───── Source data
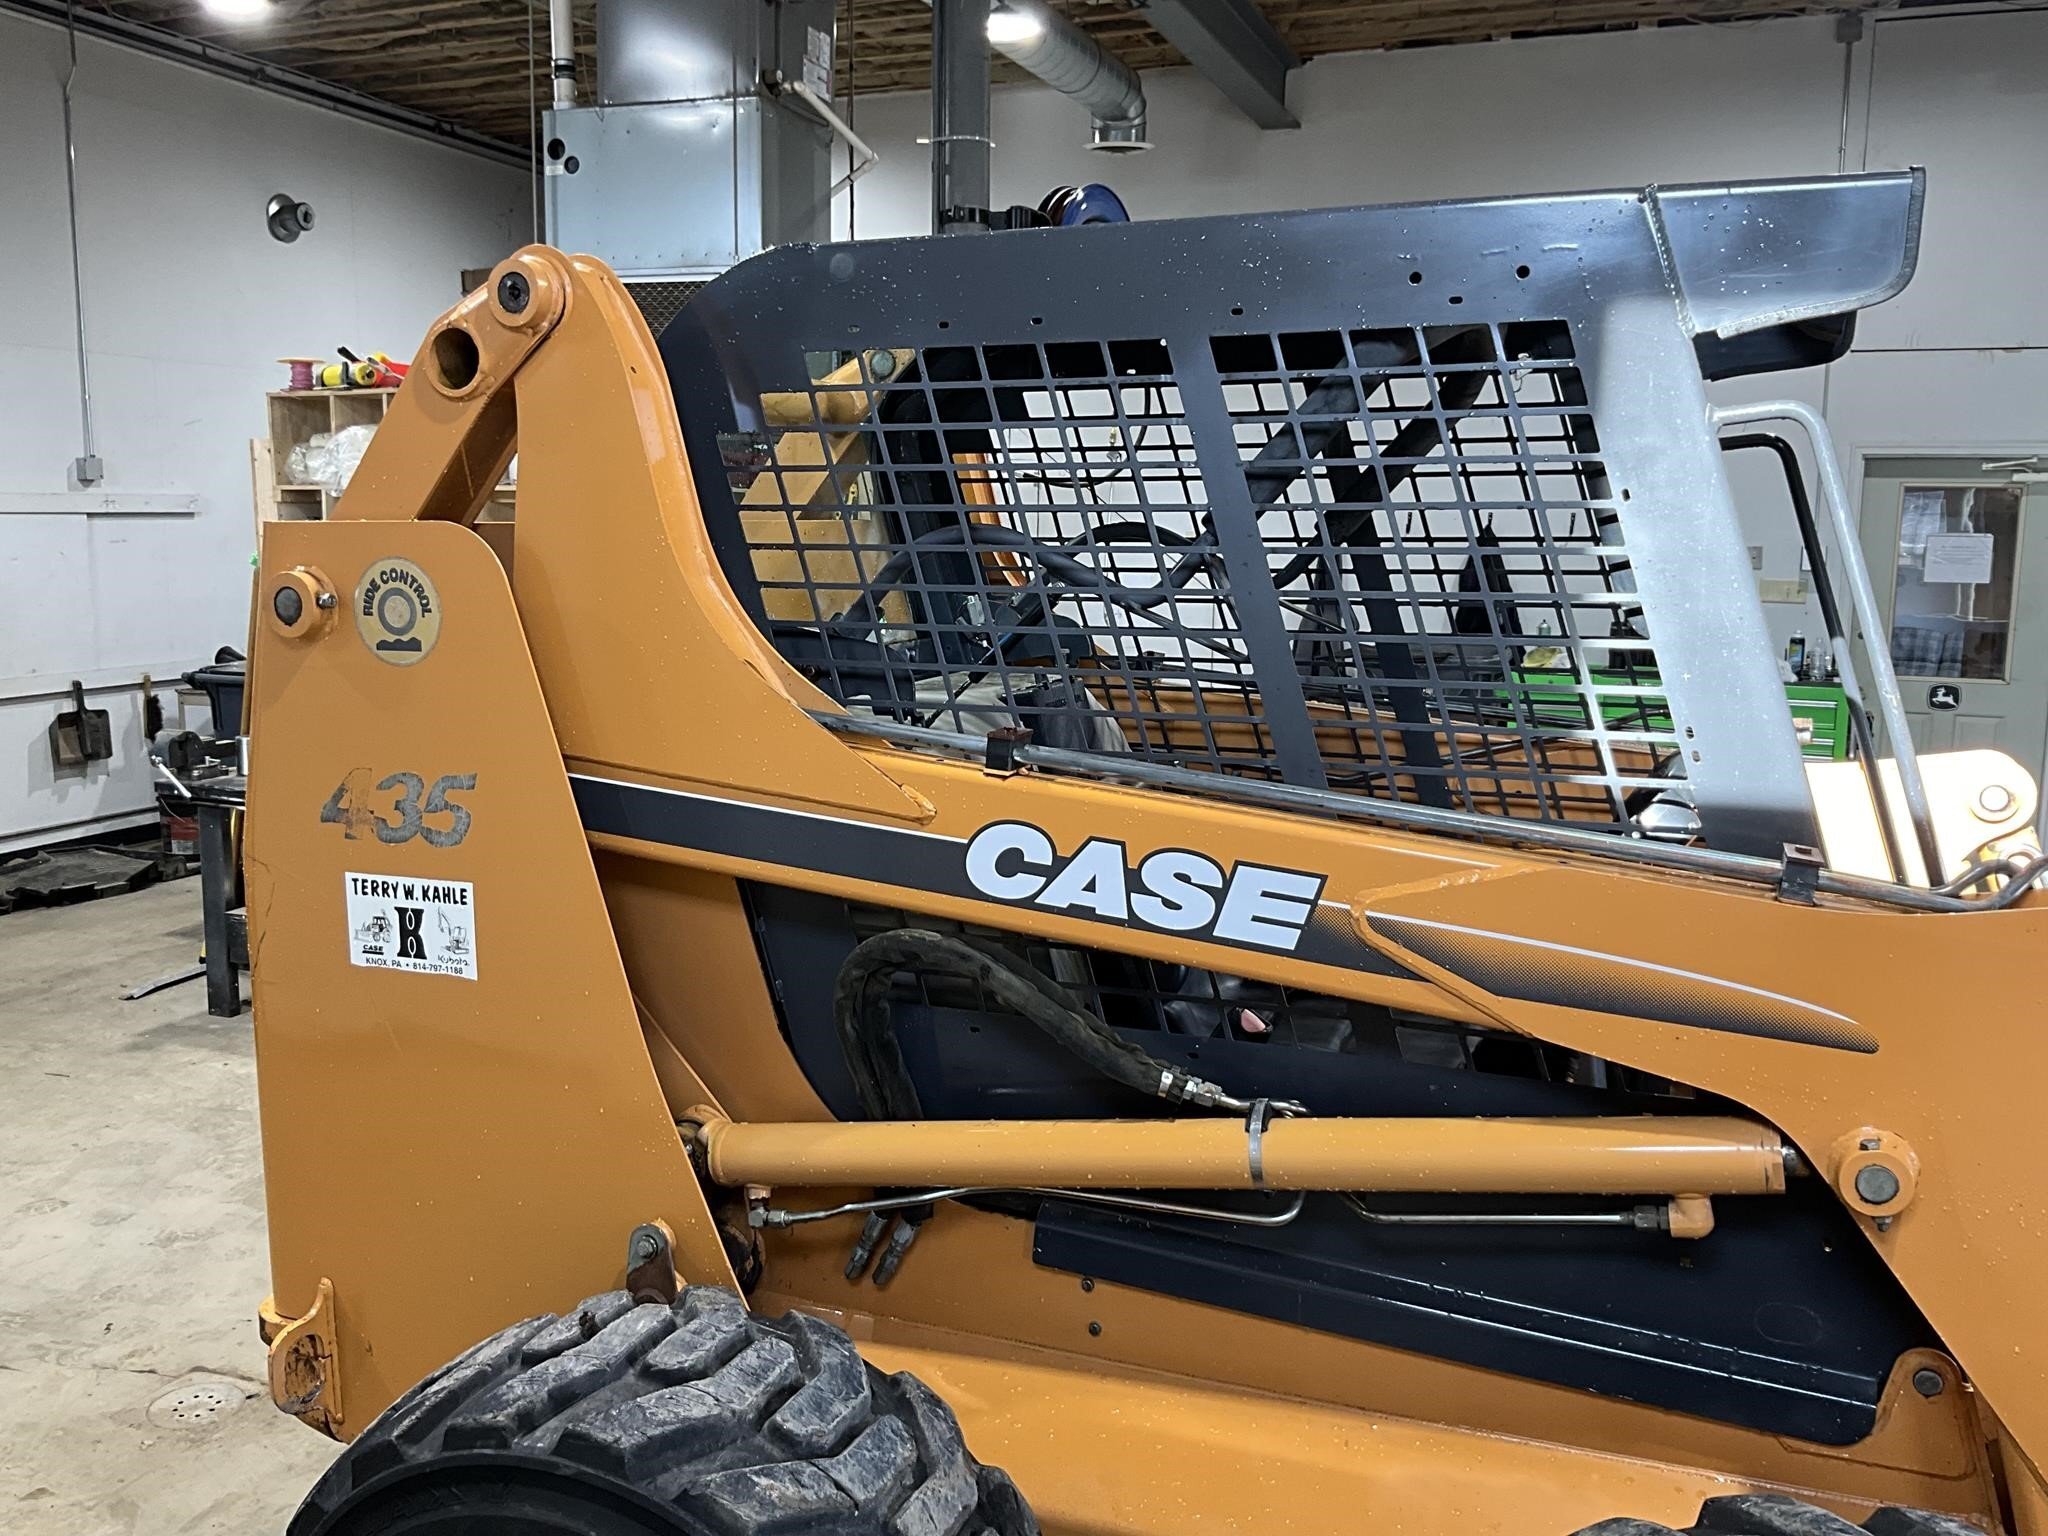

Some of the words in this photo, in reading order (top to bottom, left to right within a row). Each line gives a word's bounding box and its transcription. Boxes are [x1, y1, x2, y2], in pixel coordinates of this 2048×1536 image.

[363, 577, 381, 616] RIDE
[380, 567, 432, 618] CONTROL
[320, 768, 477, 848] 435
[352, 878, 398, 899] TERRY
[403, 883, 419, 901] W.
[422, 884, 468, 906] KAHLE
[965, 823, 1321, 950] CASE
[363, 944, 384, 952] CASE
[391, 960, 402, 968] PA
[413, 962, 463, 975] 814-797-1188
──────────
◆ **Work order**:
Quote the data exactly, leaving every image out of the copy.

◆ **Written answer**:
Some of the words in this photo, in reading order (top to bottom, left to right within a row). Each line gives a word's bounding box and its transcription. Boxes are [x1, y1, x2, y2], in pixel coordinates of this 2048×1536 image.

[363, 577, 381, 616] RIDE
[380, 567, 432, 618] CONTROL
[320, 768, 477, 848] 435
[352, 878, 398, 899] TERRY
[403, 883, 419, 901] W.
[422, 884, 468, 906] KAHLE
[965, 823, 1321, 950] CASE
[363, 944, 384, 952] CASE
[391, 960, 402, 968] PA
[413, 962, 463, 975] 814-797-1188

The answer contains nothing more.